[Dataset items]
= = = = =

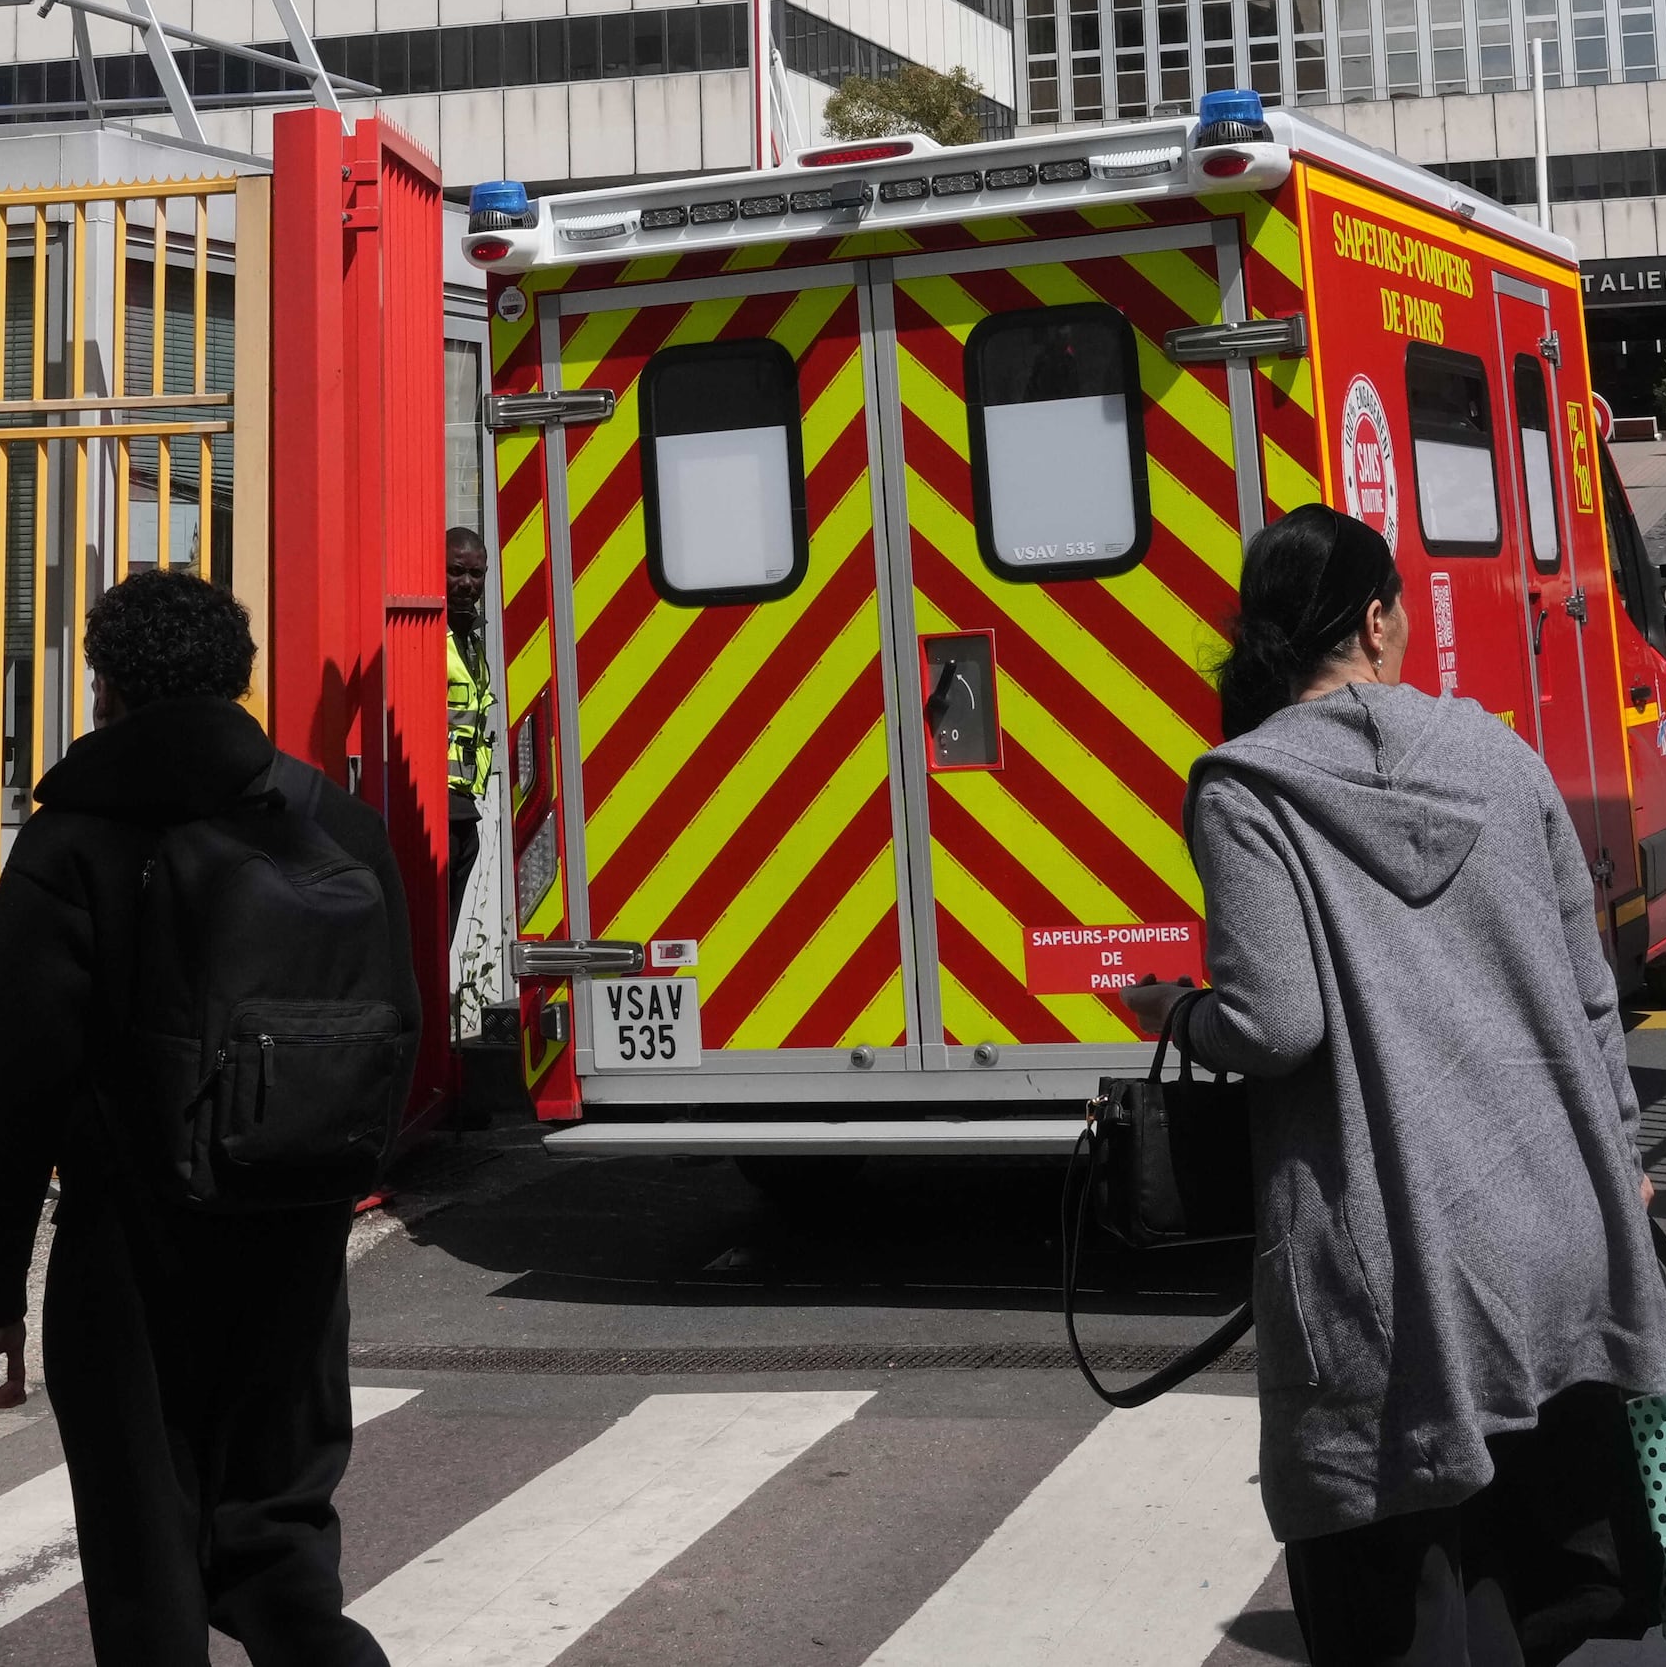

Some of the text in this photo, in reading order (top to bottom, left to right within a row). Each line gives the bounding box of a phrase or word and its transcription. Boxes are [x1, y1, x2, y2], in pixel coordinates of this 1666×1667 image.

[1332, 211, 1473, 299] SAPEURS-POMPIERS
[1380, 287, 1444, 345] DE PARIS
[1357, 442, 1381, 483] SANS
[1013, 544, 1058, 561] VSAV
[1065, 541, 1096, 556] 535
[1032, 927, 1190, 947] SAPEURS-POMPIERS
[1101, 951, 1123, 967] DE
[1091, 973, 1136, 988] PARIS
[606, 984, 683, 1021] VSAV
[618, 1024, 676, 1061] 535

= = = = =

[Work instructions] Take every entry and repeat it verbatim, minus the pictures.

[Exercise answer]
Some of the text in this photo, in reading order (top to bottom, left to right within a row). Each line gives the bounding box of a phrase or word and its transcription. Boxes are [x1, y1, x2, y2], in pixel coordinates of this 1666×1667 image.

[1332, 211, 1473, 299] SAPEURS-POMPIERS
[1380, 287, 1444, 345] DE PARIS
[1357, 442, 1381, 483] SANS
[1013, 544, 1058, 561] VSAV
[1065, 541, 1096, 556] 535
[1032, 927, 1190, 947] SAPEURS-POMPIERS
[1101, 951, 1123, 967] DE
[1091, 973, 1136, 988] PARIS
[606, 984, 683, 1021] VSAV
[618, 1024, 676, 1061] 535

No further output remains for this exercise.